(Data to examine begins)
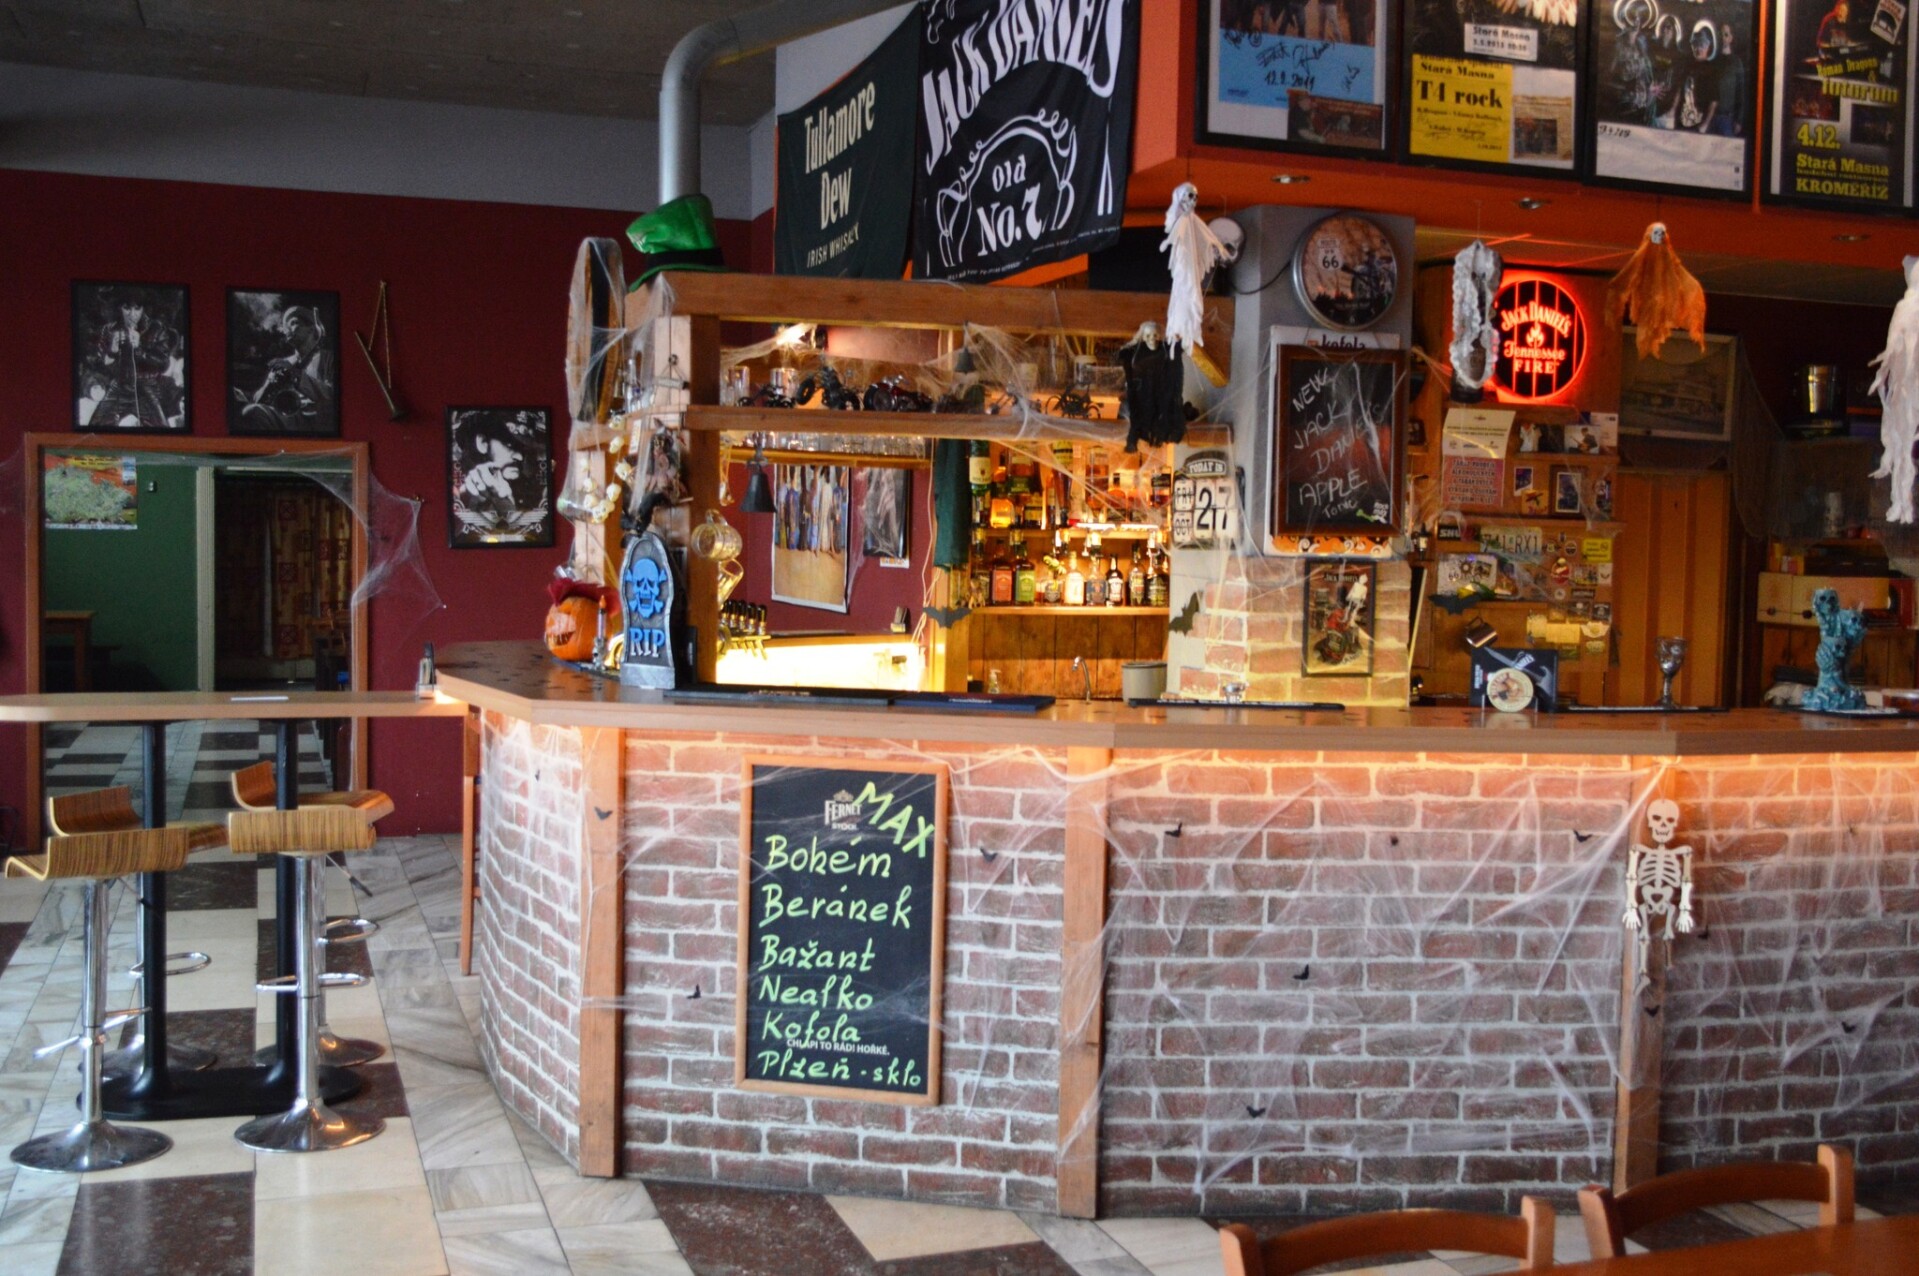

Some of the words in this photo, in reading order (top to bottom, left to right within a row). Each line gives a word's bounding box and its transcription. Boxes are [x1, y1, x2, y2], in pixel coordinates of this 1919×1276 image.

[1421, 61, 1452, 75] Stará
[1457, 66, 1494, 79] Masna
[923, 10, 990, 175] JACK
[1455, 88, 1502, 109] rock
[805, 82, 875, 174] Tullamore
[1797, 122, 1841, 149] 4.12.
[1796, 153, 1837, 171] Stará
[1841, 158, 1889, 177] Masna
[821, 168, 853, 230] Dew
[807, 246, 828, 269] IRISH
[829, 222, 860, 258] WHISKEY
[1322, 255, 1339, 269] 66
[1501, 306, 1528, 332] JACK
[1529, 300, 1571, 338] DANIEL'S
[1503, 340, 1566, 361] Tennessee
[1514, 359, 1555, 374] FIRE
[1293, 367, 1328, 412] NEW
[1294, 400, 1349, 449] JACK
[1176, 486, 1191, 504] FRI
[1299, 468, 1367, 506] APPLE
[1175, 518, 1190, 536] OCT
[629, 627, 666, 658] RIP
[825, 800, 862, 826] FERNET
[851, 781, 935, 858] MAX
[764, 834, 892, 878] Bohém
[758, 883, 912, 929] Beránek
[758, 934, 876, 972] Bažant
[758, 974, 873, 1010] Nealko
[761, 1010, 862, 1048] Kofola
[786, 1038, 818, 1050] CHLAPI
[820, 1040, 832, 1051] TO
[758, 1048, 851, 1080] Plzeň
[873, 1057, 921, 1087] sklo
(Data to examine ends)
§ Directions
Set down each entry again exactly as written. Pictures stay out.

§ Solution for this problem
Some of the words in this photo, in reading order (top to bottom, left to right within a row). Each line gives a word's bounding box and its transcription. Boxes are [x1, y1, x2, y2], in pixel coordinates of this 1919×1276 image.

[1421, 61, 1452, 75] Stará
[1457, 66, 1494, 79] Masna
[923, 10, 990, 175] JACK
[1455, 88, 1502, 109] rock
[805, 82, 875, 174] Tullamore
[1797, 122, 1841, 149] 4.12.
[1796, 153, 1837, 171] Stará
[1841, 158, 1889, 177] Masna
[821, 168, 853, 230] Dew
[807, 246, 828, 269] IRISH
[829, 222, 860, 258] WHISKEY
[1322, 255, 1339, 269] 66
[1501, 306, 1528, 332] JACK
[1529, 300, 1571, 338] DANIEL'S
[1503, 340, 1566, 361] Tennessee
[1514, 359, 1555, 374] FIRE
[1293, 367, 1328, 412] NEW
[1294, 400, 1349, 449] JACK
[1176, 486, 1191, 504] FRI
[1299, 468, 1367, 506] APPLE
[1175, 518, 1190, 536] OCT
[629, 627, 666, 658] RIP
[825, 800, 862, 826] FERNET
[851, 781, 935, 858] MAX
[764, 834, 892, 878] Bohém
[758, 883, 912, 929] Beránek
[758, 934, 876, 972] Bažant
[758, 974, 873, 1010] Nealko
[761, 1010, 862, 1048] Kofola
[786, 1038, 818, 1050] CHLAPI
[820, 1040, 832, 1051] TO
[758, 1048, 851, 1080] Plzeň
[873, 1057, 921, 1087] sklo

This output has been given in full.